No es que Luis Pavón muera sin pena ni gloria, es que murió oficialmente olvidado. Nadie mencionó su fallecimiento en la prensa oficial cubana, ninguna nota breve, no hay hasta el momento un cable de agencia noticiosa que recoja el hecho. Por otra más de las ironías del destino, la historia o la política —la retórica aquí no importa— ha sido en el exilio donde más se ha comentado, o al menos mencionado, el fin de alguien al que muchos con razón consideraron y han considerado siempre un hijo de puta. Que ya no exista no cambia en nada ese criterio. Al menos, si se quiere ser consecuente.
Pavón, que fuera director de la revista Verde Olivo y también el aparente autor de unos pocos textos que, con el nombre de Leopoldo Ávila —los trabajos se han atribuido también a José Antonio Portuondo, otro mediocre estalinista— sirvieron para desatar el terror entre escritores y artistas, en momentos en que se impuso el dogmatismo, la mediocridad y la estulticia en buena parte de la literatura cubana. Sin llegar nunca a convertirse en una especie de Marat o Robespierre del trópico —no por falta de vocación sino por carencia de posibilidades— este poeta mediocre trató sin descanso de arruinarle la vida a varios creadores. Lo conseguiría mejor desde la presidencia del Consejo Nacional de Cultura entre 1971 y 1976, donde pudo ejercer casi a plenitud su destino de censor.
Tras su breve reinado de terror cultural pasó no sólo a la oscuridad casi total sino al rechazo poco menos que absoluto. Luego sirvió de pretexto para una de las tantas jugadas con múltiples interpretaciones que han ocurrido en la isla a partir de 1959, cuando apareció en un programa de televisión en 2007.  Es posible que aquella “guerrita de los emails” rindiera provecho a unos cuantos, lo que sí es seguro que nadie está dispuesto a repetirla ahora, ni en la más ligera escaramuza. Quizá, después de todo, ha sido el miedo, no a Pavón sino a mencionar a Pavón, lo que explica este silencio momentáneo en la prensa cubana.

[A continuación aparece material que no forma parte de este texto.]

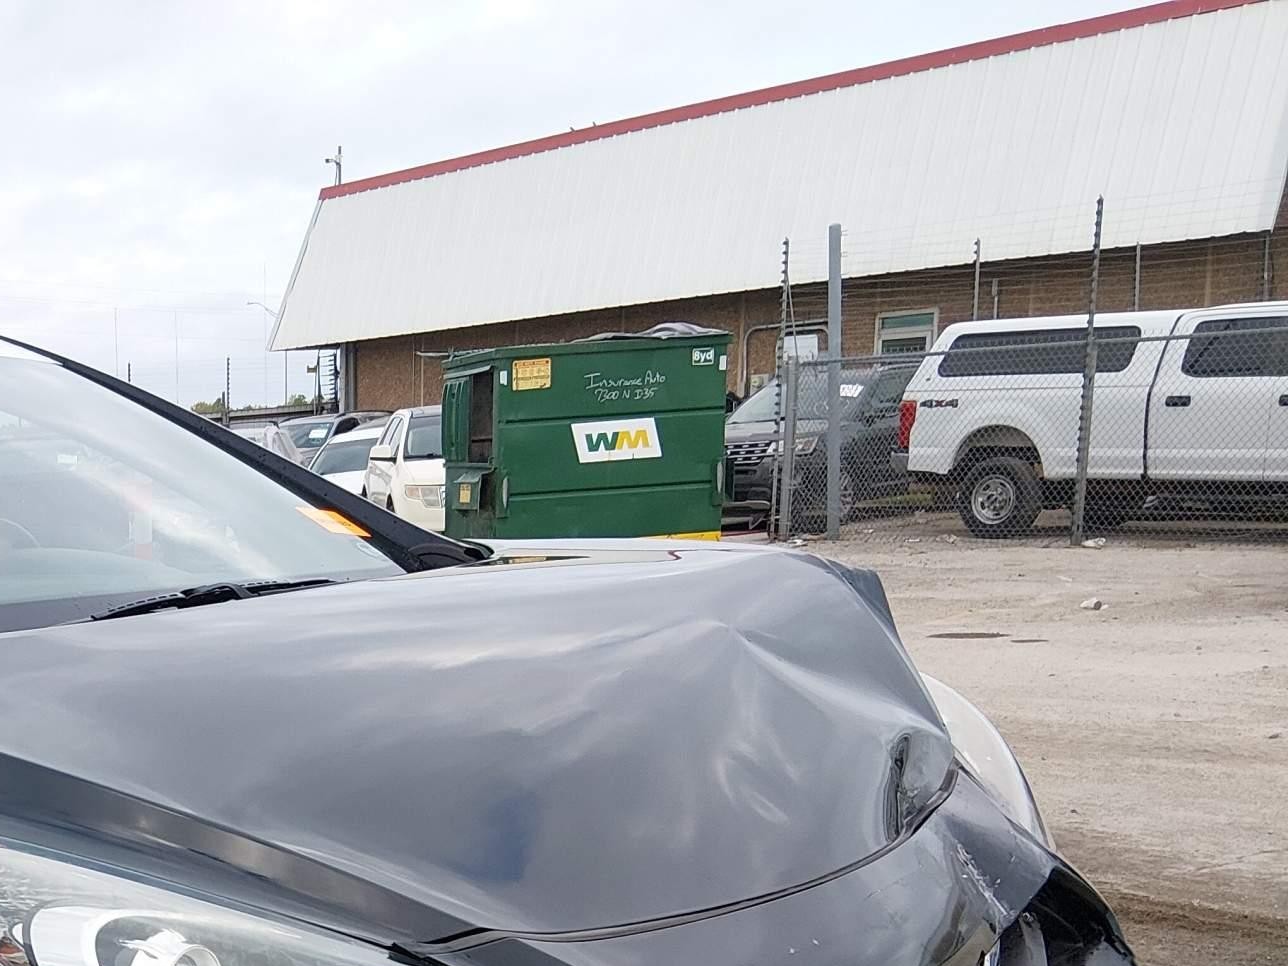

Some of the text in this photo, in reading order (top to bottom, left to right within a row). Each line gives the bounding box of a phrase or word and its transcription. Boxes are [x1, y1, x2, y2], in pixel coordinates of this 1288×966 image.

[584, 370, 666, 390] Insurance Auto
[594, 388, 620, 403] 7300
[622, 389, 631, 399] N
[585, 430, 650, 452] WM
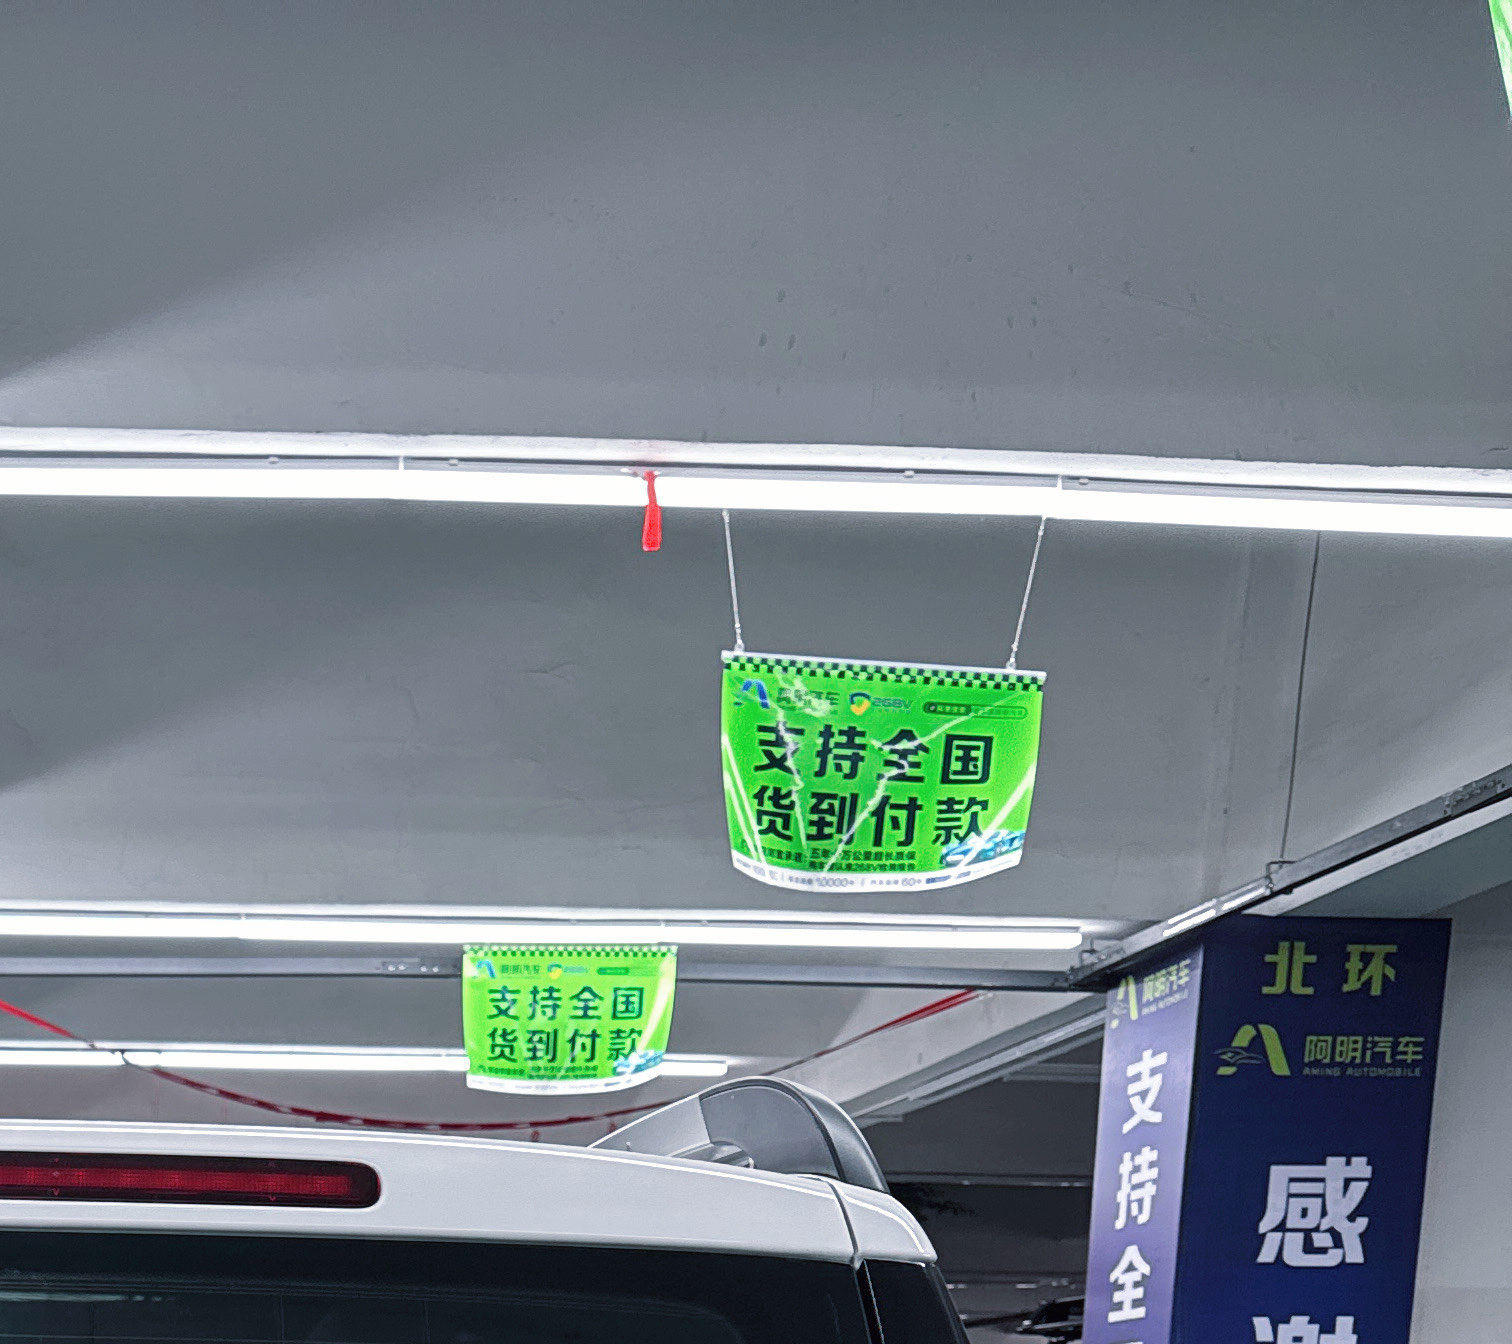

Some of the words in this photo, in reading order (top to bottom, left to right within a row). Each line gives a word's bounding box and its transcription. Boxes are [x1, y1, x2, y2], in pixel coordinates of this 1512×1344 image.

[753, 723, 994, 786] 支持全国
[752, 784, 990, 848] 货到付款
[1261, 940, 1398, 997] 北环
[486, 985, 644, 1021] 支持全国
[487, 1027, 642, 1064] 货到付款
[1304, 1035, 1425, 1063] 阿明汽车

La muerte de Pavón, por lo demás, a estas alturas no significa nada. Si acaso servirá para que algunos de los perseguidos de entonces, que han permanecido en la isla y logrado el pleno reconocimiento oficial y oficioso —premios nacionales incluidos— le dediquen una sonrisa irónica. No creo que la condición de humanista haga a nadie humanitario, al menos eso espero. Deberían celebrar, no tanto la victoria sobre el censor, que lograron hace mucho tiempo, sino el olvido como una forma más sutil, pero también más poderosa, de detracción.
Ironía también que fuera Norberto Fuentes quien diera a conocer la noticia en el exilio. Así resulta siempre: los censores terminan dependiendo de los censurados. Lástima que nunca aprendan la lección a tiempo.